What is needed. Could you repeat every line below exactly, skipping the images?

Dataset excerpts

Segment Open

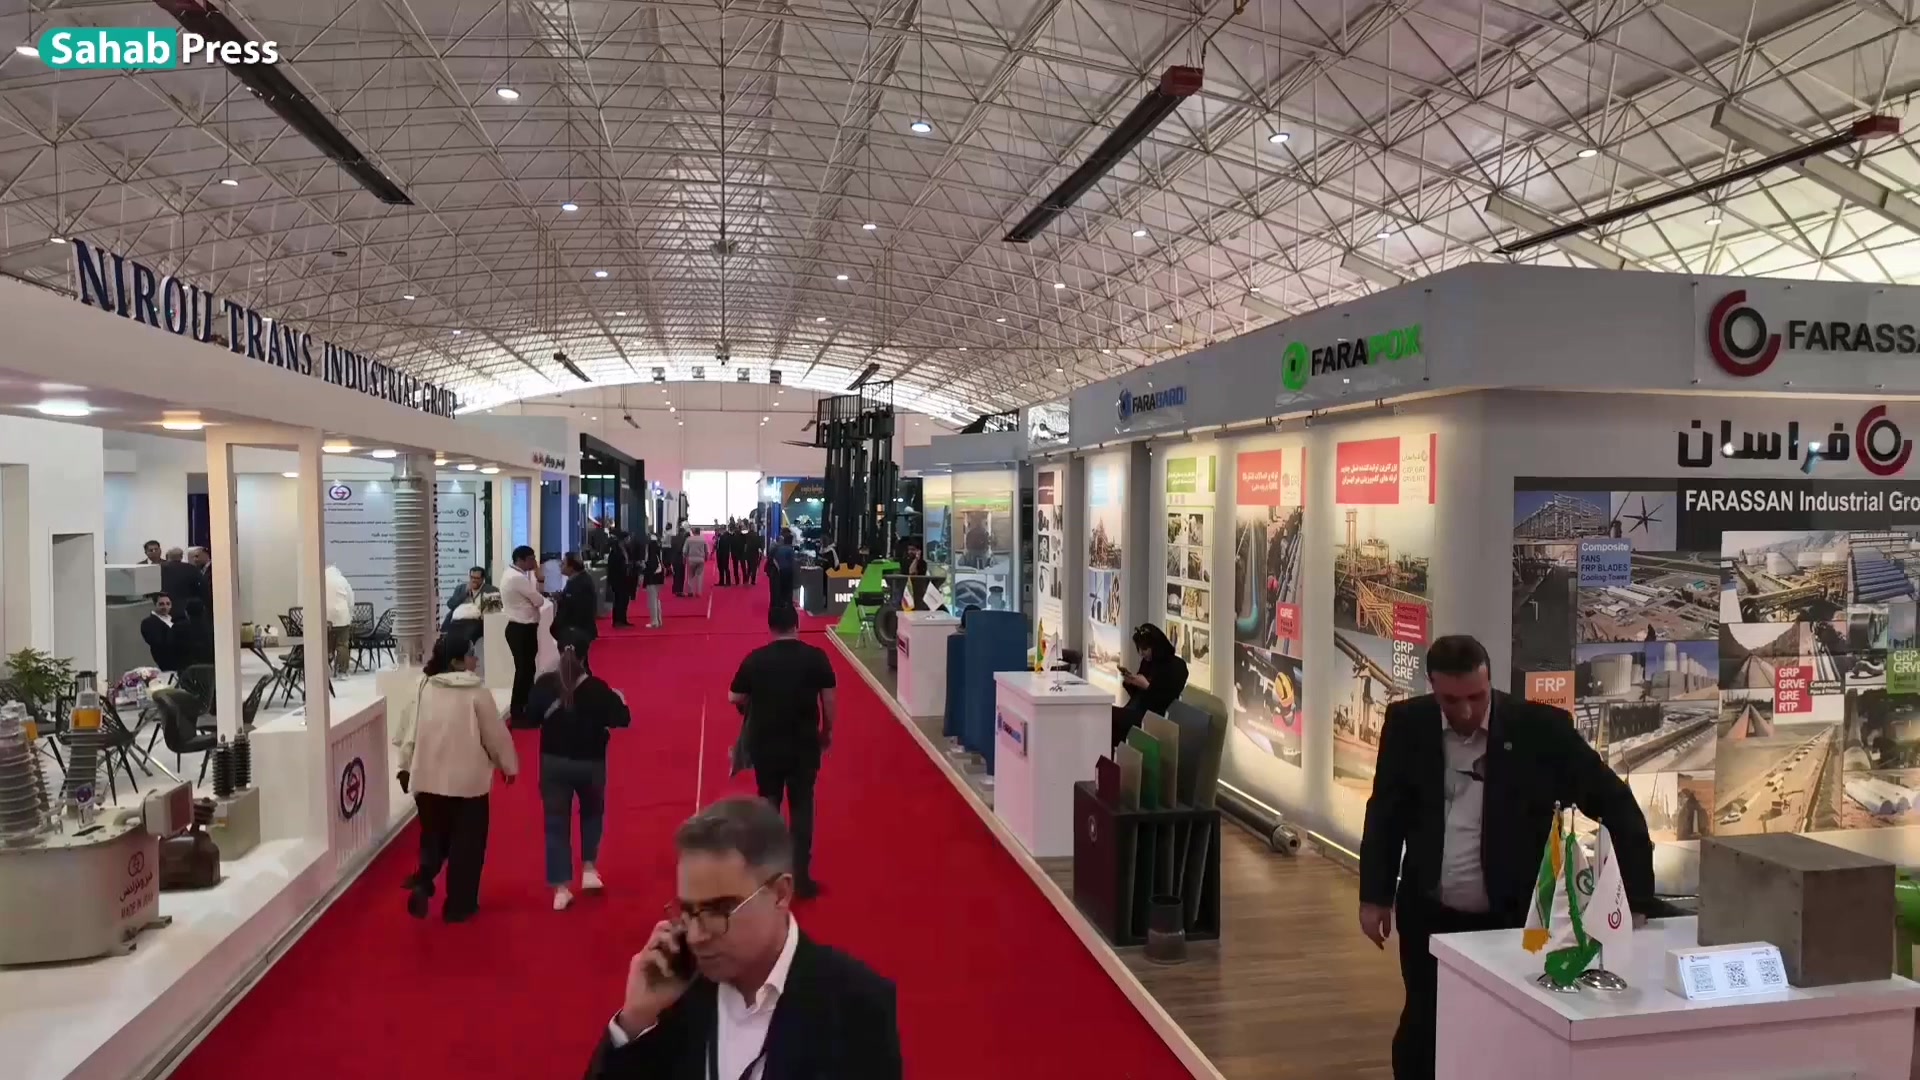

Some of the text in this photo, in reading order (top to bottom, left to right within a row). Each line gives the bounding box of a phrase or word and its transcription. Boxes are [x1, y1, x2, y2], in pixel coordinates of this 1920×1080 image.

[72, 237, 213, 343] NIROU
[221, 298, 313, 376] TRANS
[322, 340, 420, 410] INDUSTRIAL
[1311, 322, 1422, 377] FARAPOX
[1678, 420, 1850, 475] فراسان
[1685, 490, 1793, 512] FARASSAN
[1799, 490, 1884, 512] Industrial
[1581, 542, 1629, 552] Composite
[1580, 554, 1601, 562] FANS
[1580, 563, 1628, 572] FRP BLADES
[1393, 639, 1414, 654] GRP
[1393, 652, 1419, 669] GRVE
[1893, 650, 1918, 662] GRP
[1392, 665, 1413, 680] GRE
[1779, 667, 1800, 678] GRP
[1535, 677, 1566, 693] FRP
[1779, 678, 1806, 689] GRVE
[1779, 690, 1800, 701] GRE
[1779, 702, 1798, 712] RTP
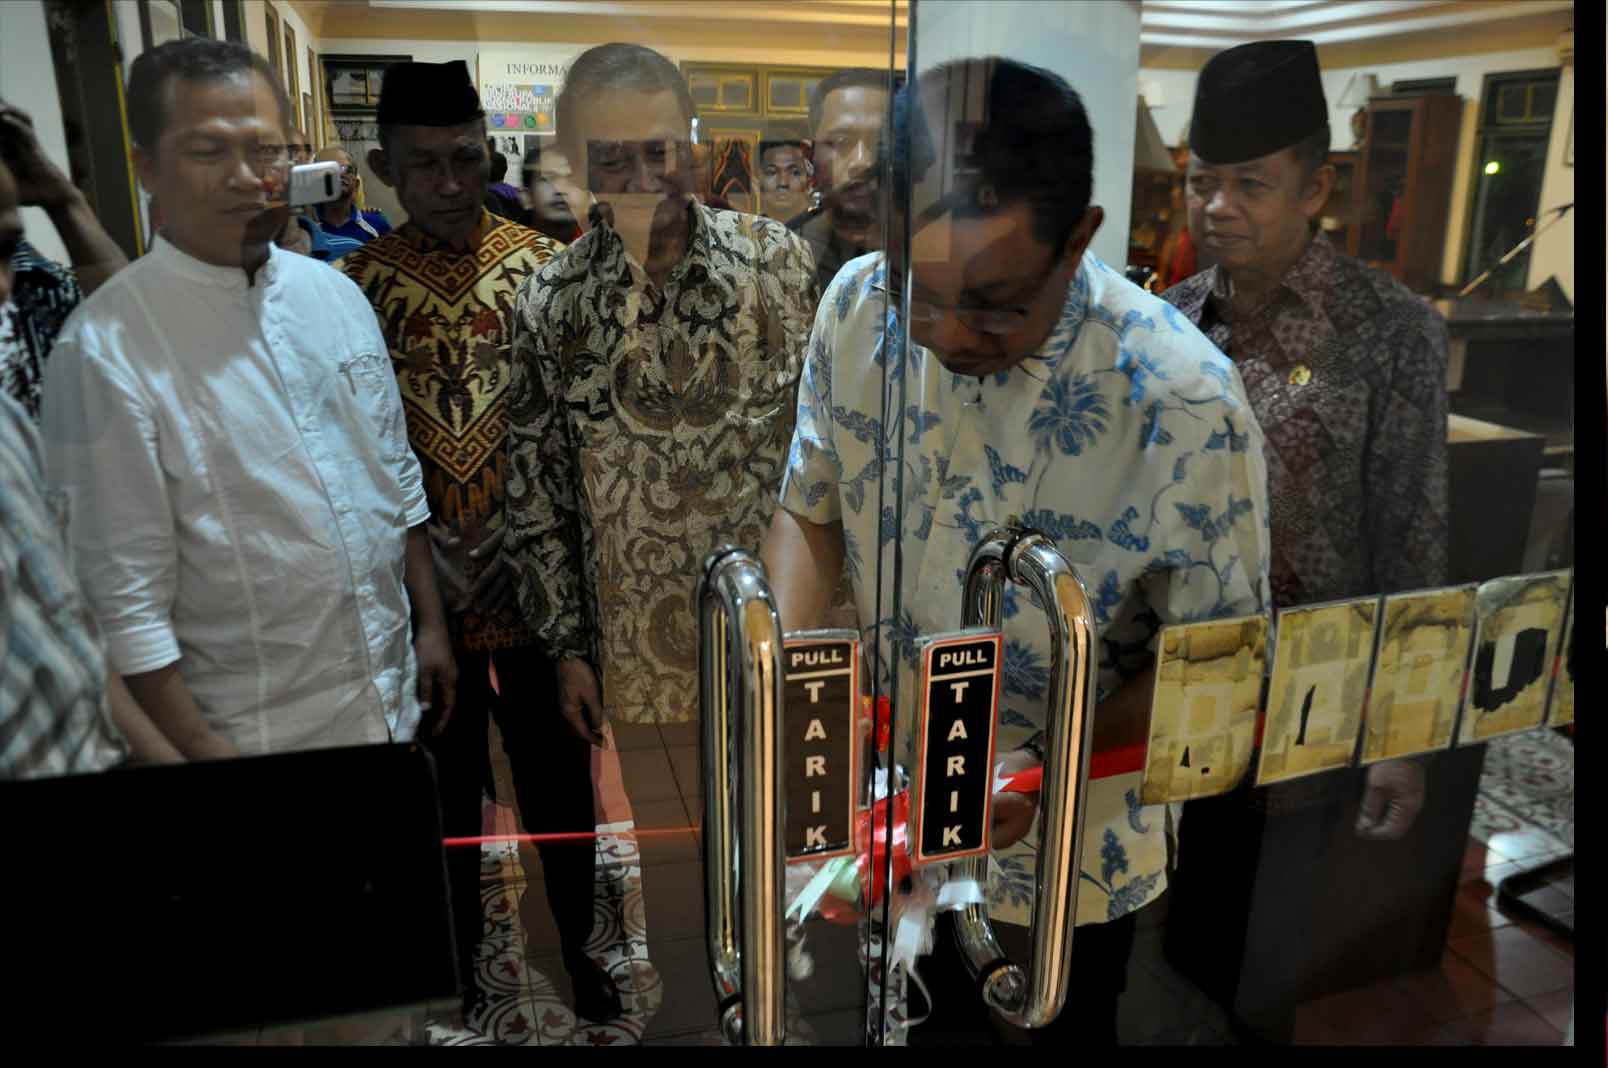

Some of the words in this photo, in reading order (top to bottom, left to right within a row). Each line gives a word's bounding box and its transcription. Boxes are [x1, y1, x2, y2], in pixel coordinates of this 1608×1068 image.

[791, 650, 843, 668] PULL
[940, 649, 988, 668] PULL
[804, 681, 828, 847] TARIK
[942, 681, 970, 846] TARIK

Segment Closed

Finished task.
Some of the text in this photo, in reading order (top to bottom, left to right within a row). Each line gives the bounding box of a phrase or word and its transcription. Boxes are [x1, y1, x2, y2], in pixel coordinates of this 1920×1080 image.

[72, 237, 213, 343] NIROU
[221, 298, 313, 376] TRANS
[322, 340, 420, 410] INDUSTRIAL
[1311, 322, 1422, 377] FARAPOX
[1678, 420, 1850, 475] فراسان
[1685, 490, 1793, 512] FARASSAN
[1799, 490, 1884, 512] Industrial
[1581, 542, 1629, 552] Composite
[1580, 554, 1601, 562] FANS
[1580, 563, 1628, 572] FRP BLADES
[1393, 639, 1414, 654] GRP
[1393, 652, 1419, 669] GRVE
[1893, 650, 1918, 662] GRP
[1392, 665, 1413, 680] GRE
[1779, 667, 1800, 678] GRP
[1535, 677, 1566, 693] FRP
[1779, 678, 1806, 689] GRVE
[1779, 690, 1800, 701] GRE
[1779, 702, 1798, 712] RTP

Some of the words in this photo, in reading order (top to bottom, left to right within a row). Each line gives a word's bounding box and its transcription. Boxes are [x1, y1, x2, y2], in pixel coordinates of this 1608×1068 image.

[791, 650, 843, 668] PULL
[940, 649, 988, 668] PULL
[804, 681, 828, 847] TARIK
[942, 681, 970, 846] TARIK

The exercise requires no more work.